Don’t let Northwest become an eco-victim

MY VIEW • Poor planning will hurt when climate refugees pour in

Posted 21 July 2011, by Jonathan Brandt, The Portland Tribune (Pamplin Media Group),

The Glen Canyon Dam, upstream from the Grand Canyon in Page, Ariz., is the second-largest dam on the Colorado River. Global warming is projected to exacerbate drought conditions in the Southwest, which could bring many “climate change refugees” to Oregon. Jeff Topping / Getty Images

I’m appreciative of Kat West’s essay in your Eco-thoughts series (Portland should brace for ‘climate refugees’, June 9). I would disagree with her that there are no alternatives to welcoming climate refugees. She’s right that we have to act as a region, and as a larger Cascadian bioregion, we have great access to rangeland, forests and fishing, as well as the fertile Willamette Valley.

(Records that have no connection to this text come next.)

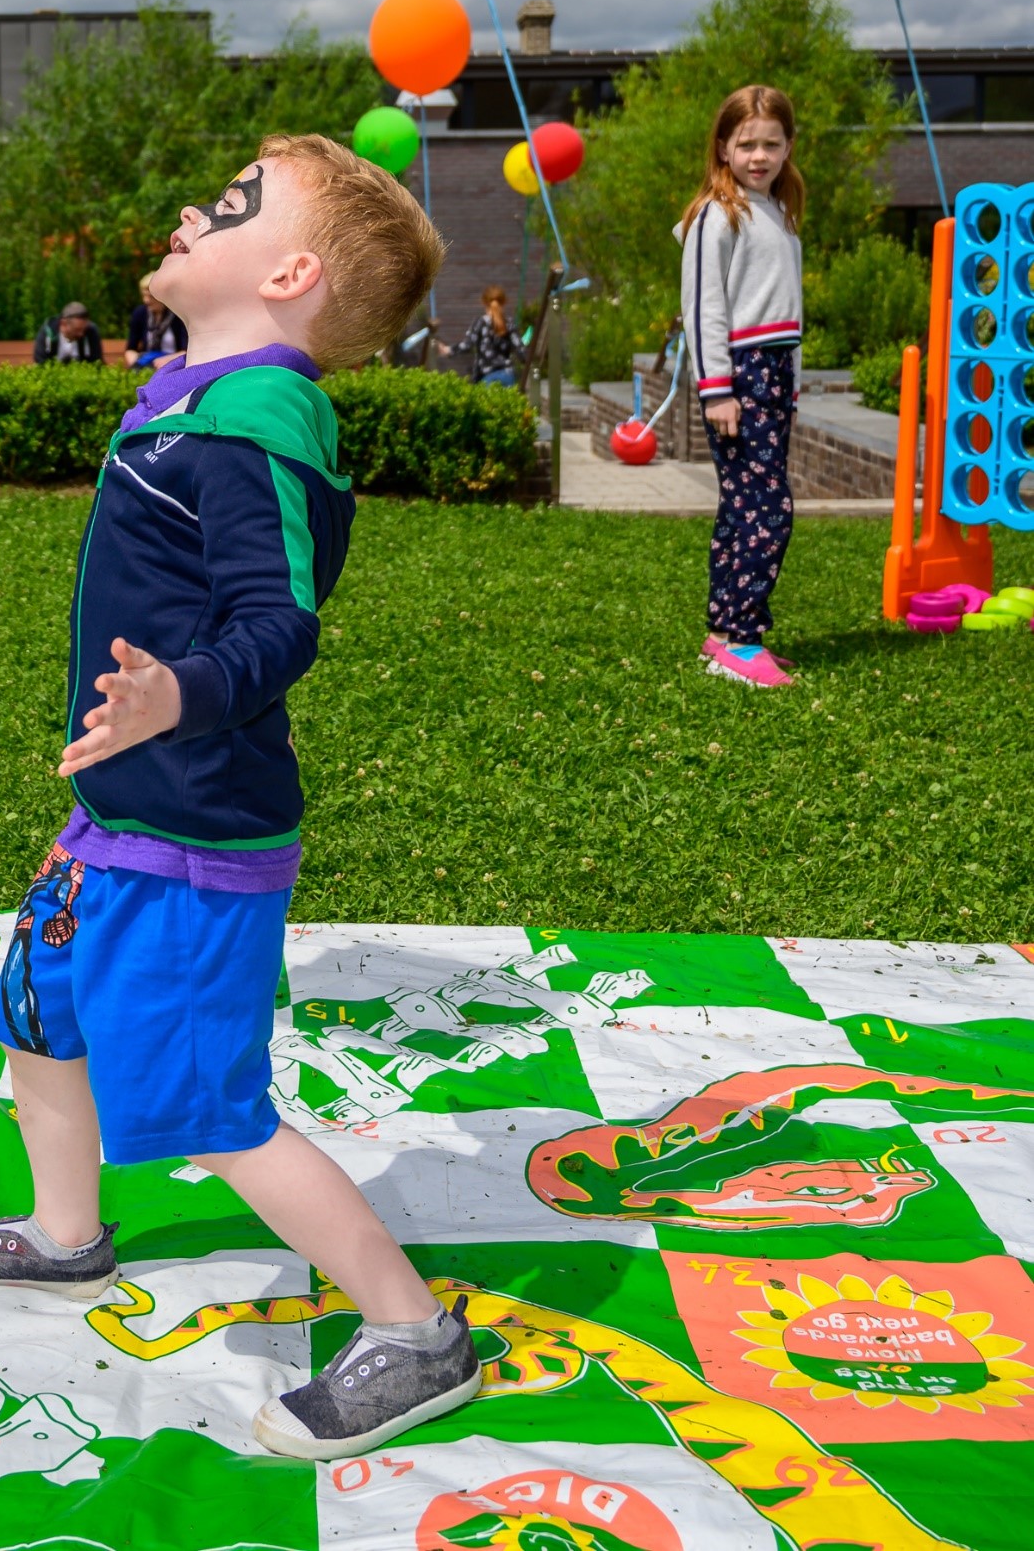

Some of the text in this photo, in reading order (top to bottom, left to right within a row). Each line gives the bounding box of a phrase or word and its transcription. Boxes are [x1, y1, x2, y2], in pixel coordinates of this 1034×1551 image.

[306, 1002, 355, 1024] 15
[636, 1122, 691, 1148] 21
[932, 1125, 1007, 1144] 20
[686, 1260, 765, 1287] 34
[812, 1313, 919, 1331] next go
[792, 1327, 955, 1348] backwards
[846, 1348, 923, 1361] Move
[834, 1367, 883, 1383] leg
[867, 1364, 911, 1373] or
[857, 1381, 952, 1394] Stand
[920, 1376, 957, 1384] on
[331, 1457, 415, 1493] 40
[775, 1455, 869, 1488] 39
[457, 1476, 628, 1523] DICE
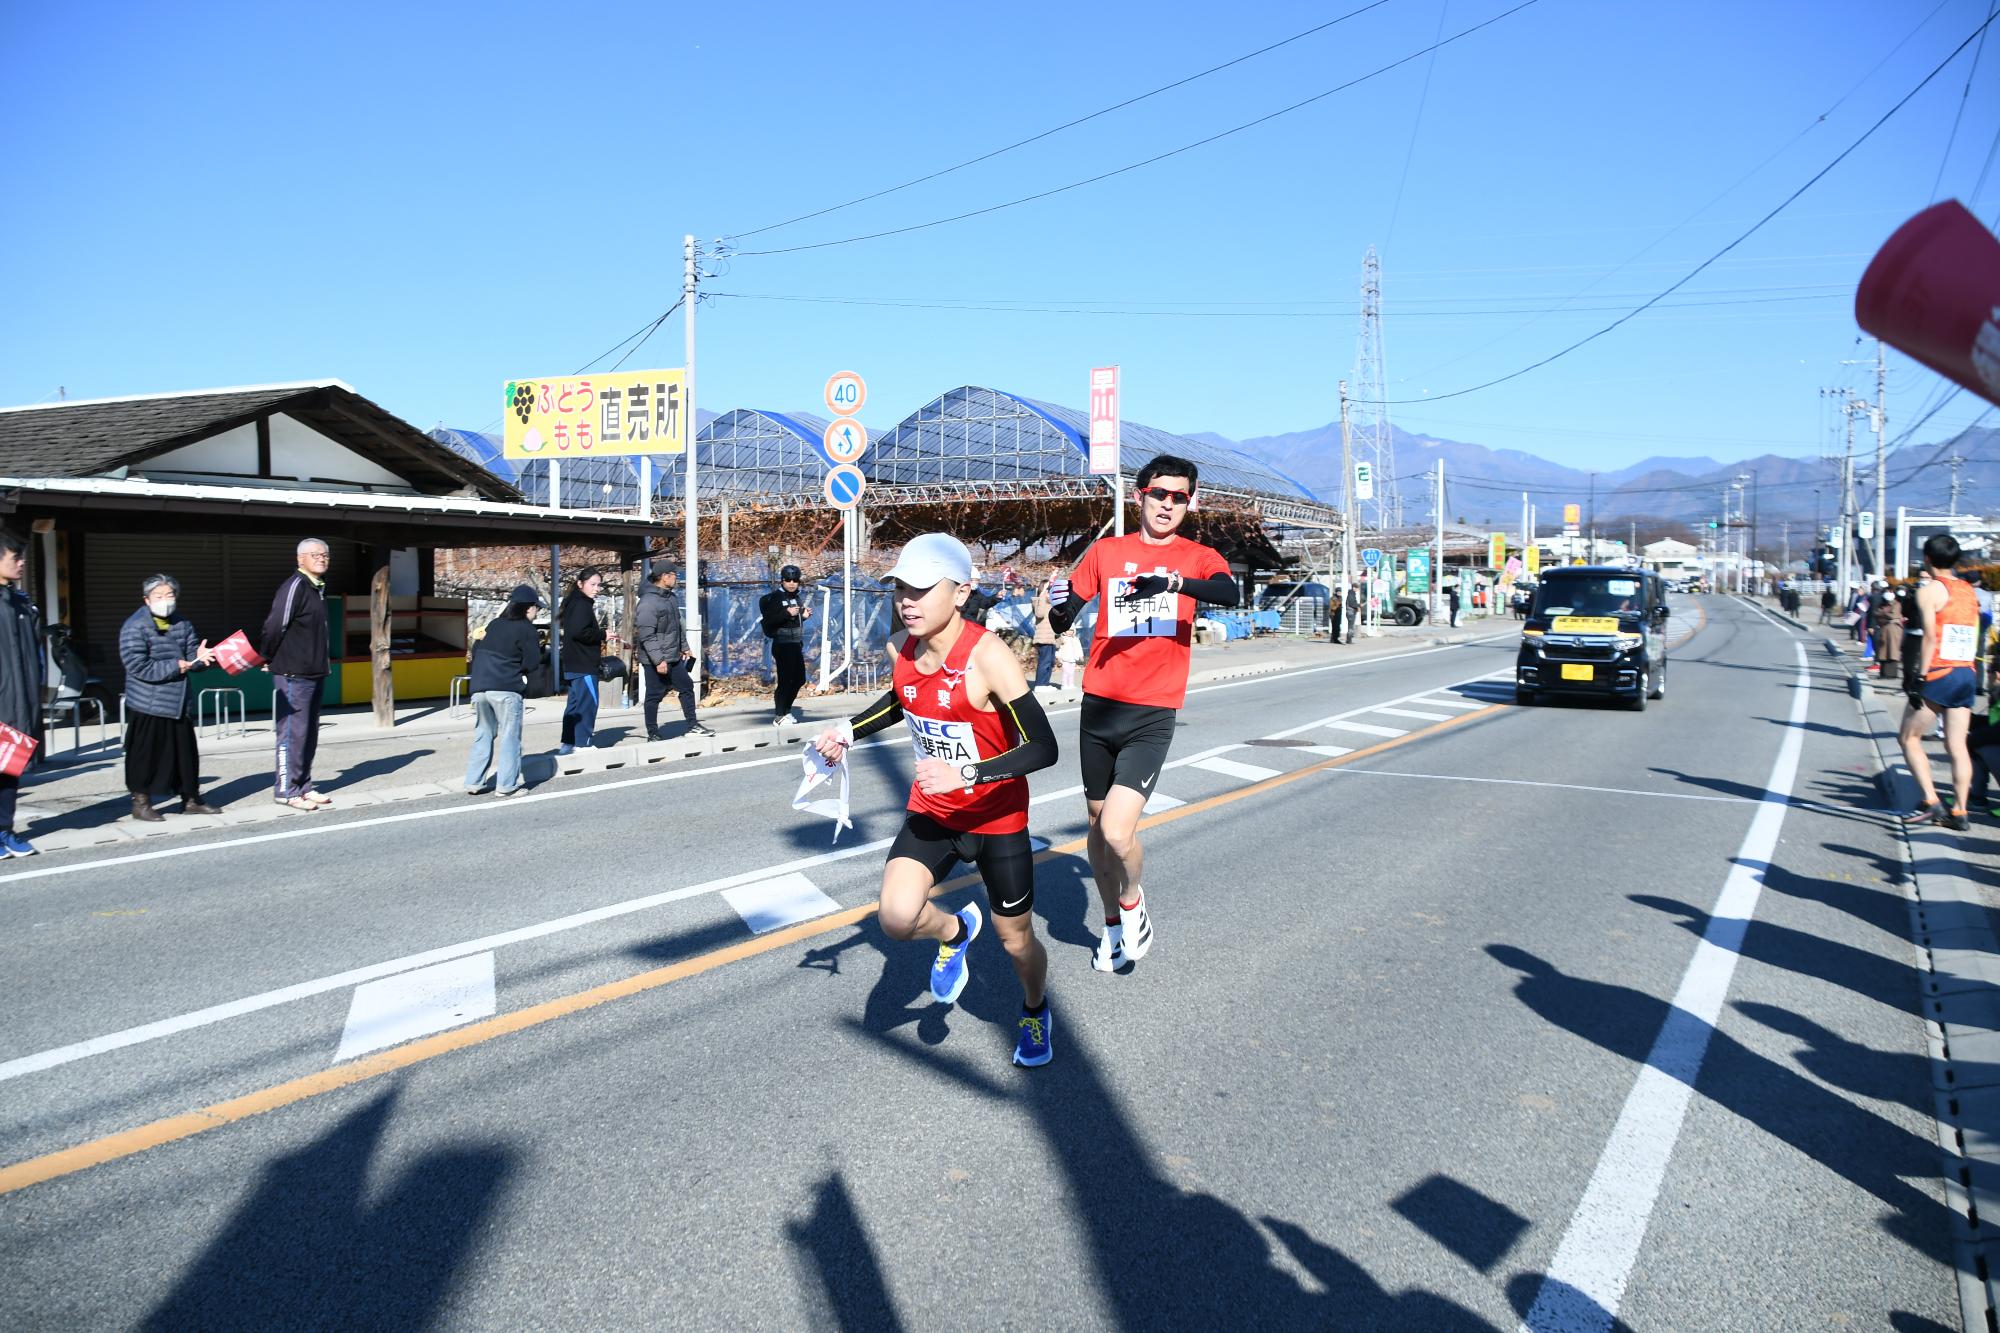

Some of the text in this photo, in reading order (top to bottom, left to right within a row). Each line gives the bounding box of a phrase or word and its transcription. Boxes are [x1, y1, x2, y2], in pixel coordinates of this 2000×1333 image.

[537, 381, 594, 414] ぶどう
[835, 384, 856, 403] 40
[600, 383, 679, 442] 直売所
[554, 420, 594, 451] もも
[1410, 559, 1422, 572] P
[1131, 615, 1153, 634] 11
[903, 685, 917, 703] 甲
[907, 713, 961, 740] NEC

Planning for the worst, if the predictions about drought in the Midwest are correct, we’ll have a major problem feeding all of the expected climate refugees. This means that the poorest of our region will go hungry as they are priced-out by wealthier refugees. Morally, it seems wrong that we would choose the suffering of our fellow Cascadians so that those who chose not to prevent their environmental self-destruction can elbow us from the table.

The other option that was not mentioned by West is the secession option.

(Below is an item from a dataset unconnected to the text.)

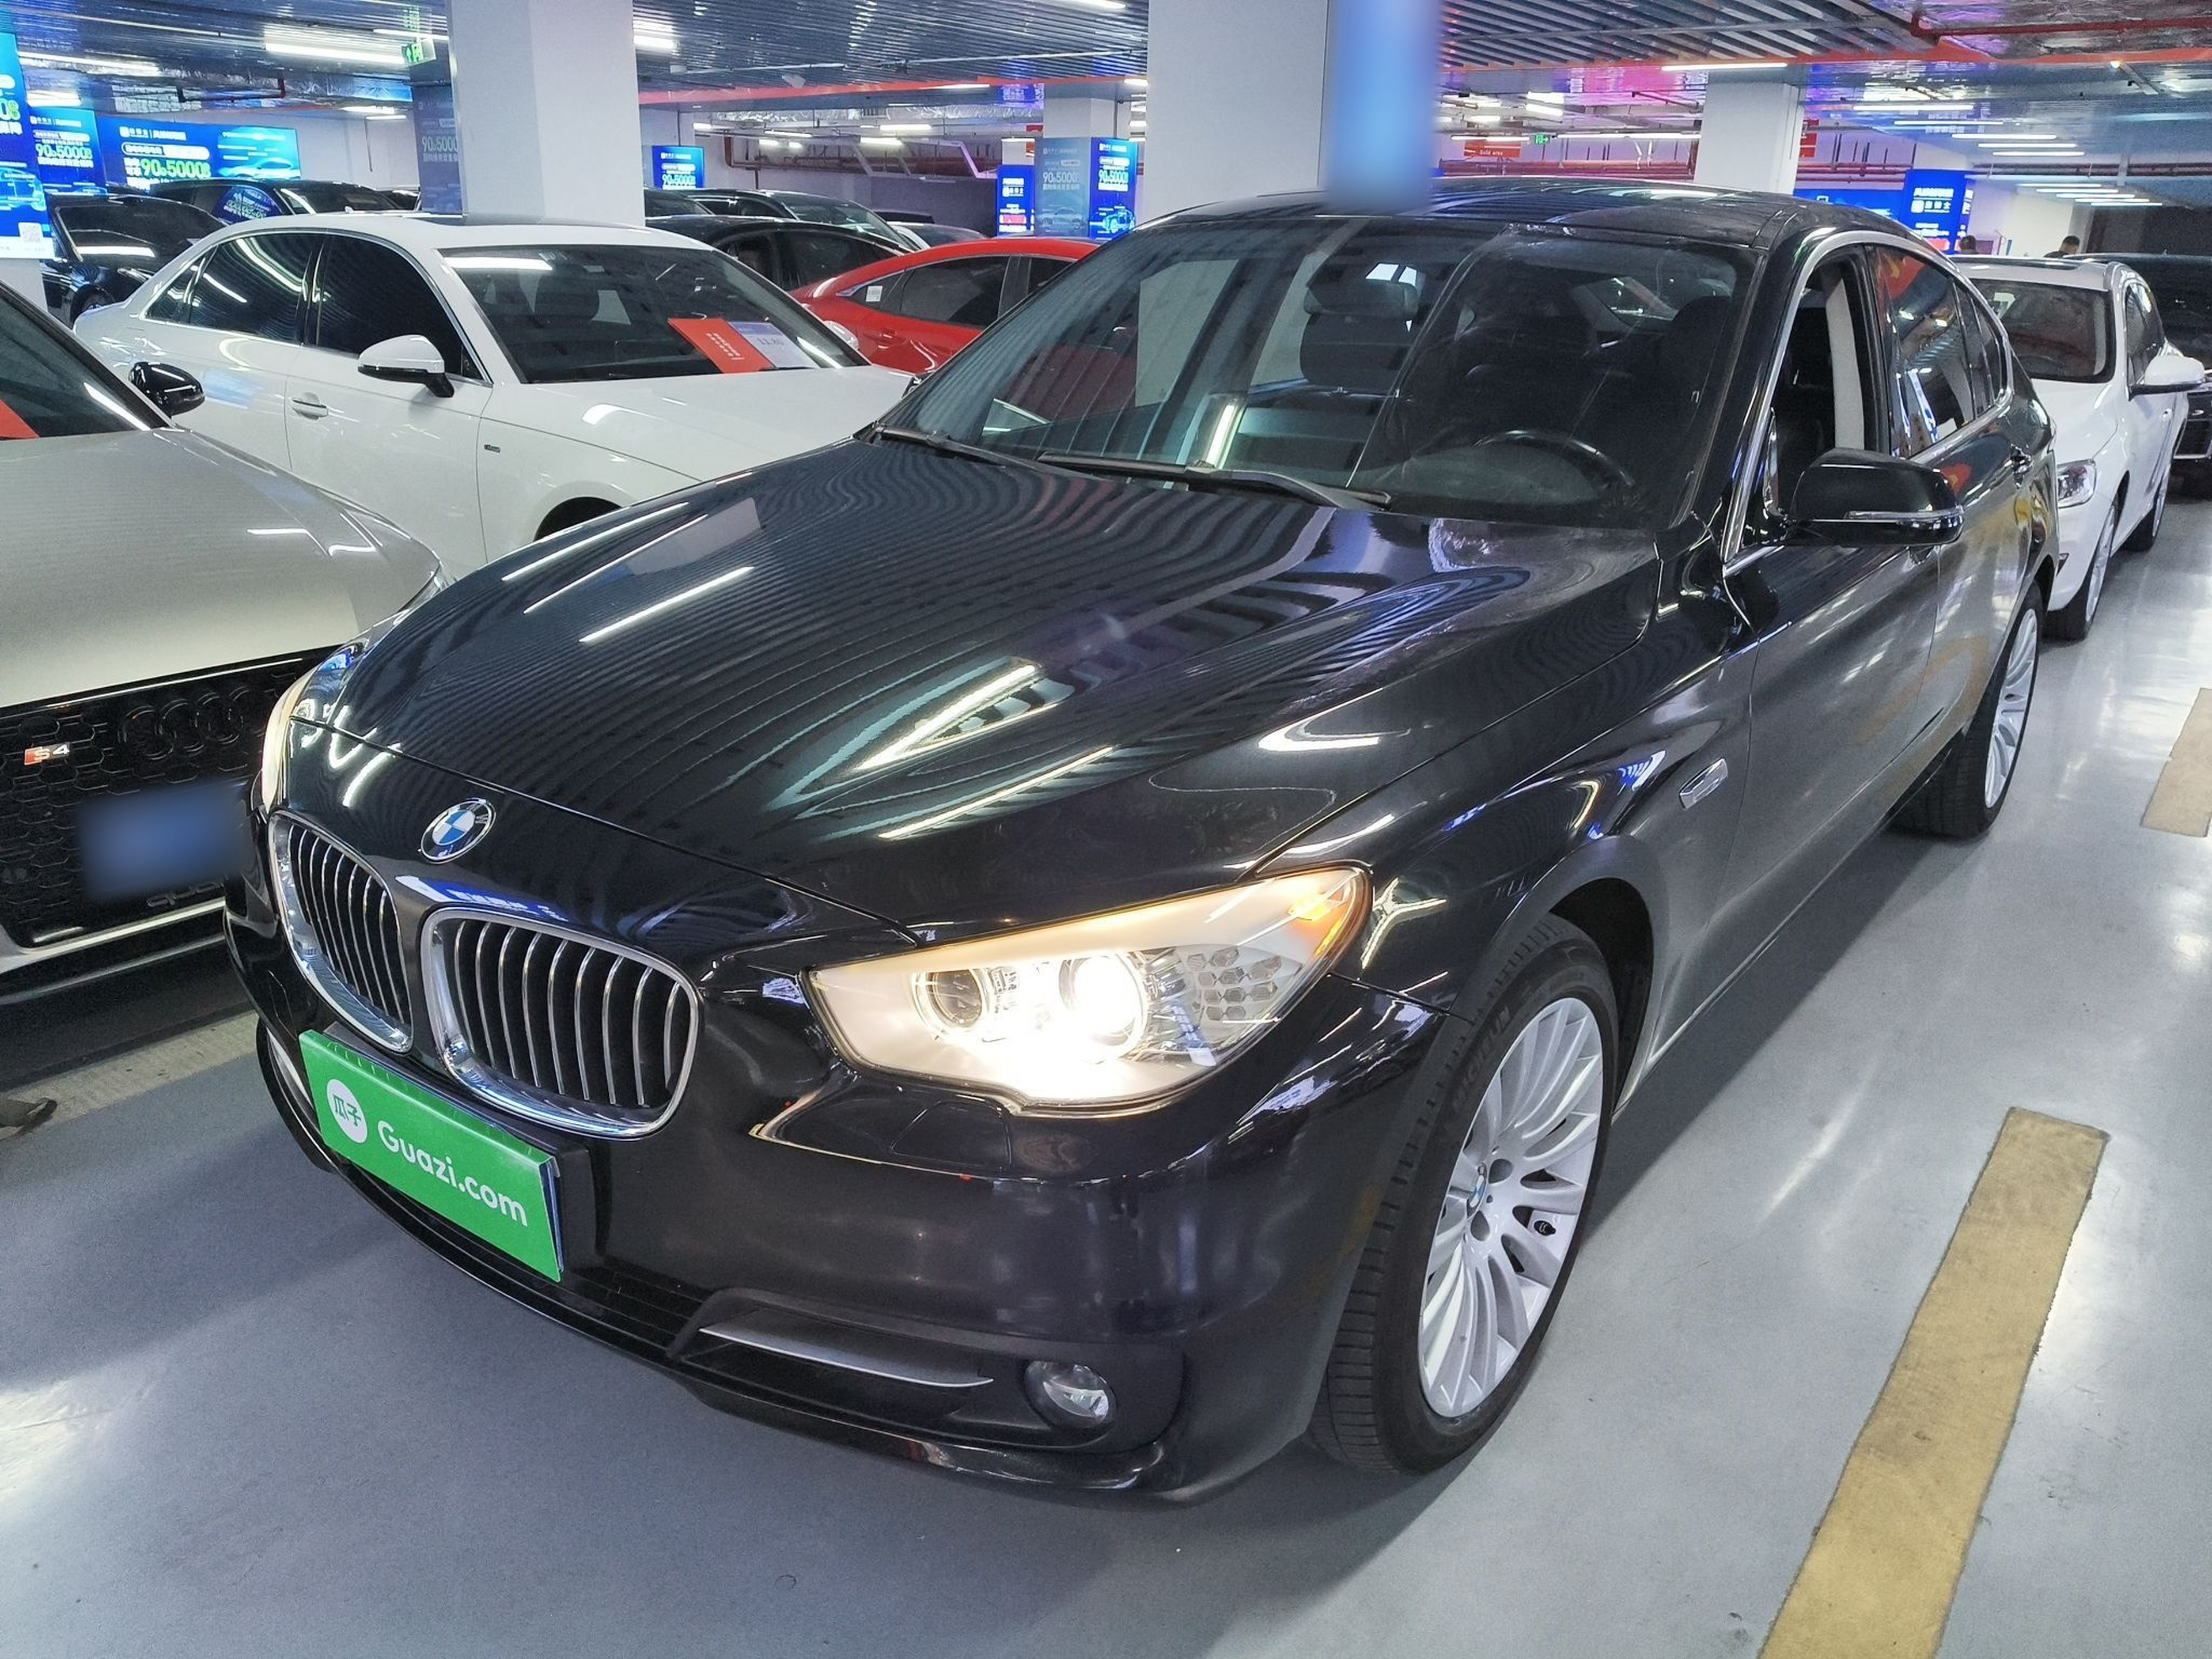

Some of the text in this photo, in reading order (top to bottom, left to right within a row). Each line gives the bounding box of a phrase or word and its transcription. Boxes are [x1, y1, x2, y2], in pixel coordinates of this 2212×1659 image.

[33, 744, 70, 761] S4
[332, 1093, 362, 1127] 瓜子
[378, 1120, 528, 1227] Guazi.com

No state should feel obligated to rely on the federal government to assure our prosperity in the face of economic turmoil. The pace and effectiveness of our US government is not equipped to deal with climate change on top of recession on top of energy descent.

Our history as a bioregional government included the areas of Oregon, Washington, and Idaho, with its first capital in Oregon City. A new government of this Cascadian watershed democracy, the kind of governmental system proposed by John Wesley Powell, would not be too unfamiliar to our independent pioneer sensibilities.

With the coordination of a bio-regional government, should the worst occur, one plan could be to politely close our borders to non-Cascadians save for a limited number of eco-refugees – a more appropriate term that includes economic as well as ecological displacement. As our bioregion’s productivity can support more hungry mouths, while reducing our carbon footprint, so then we could accept more refugees.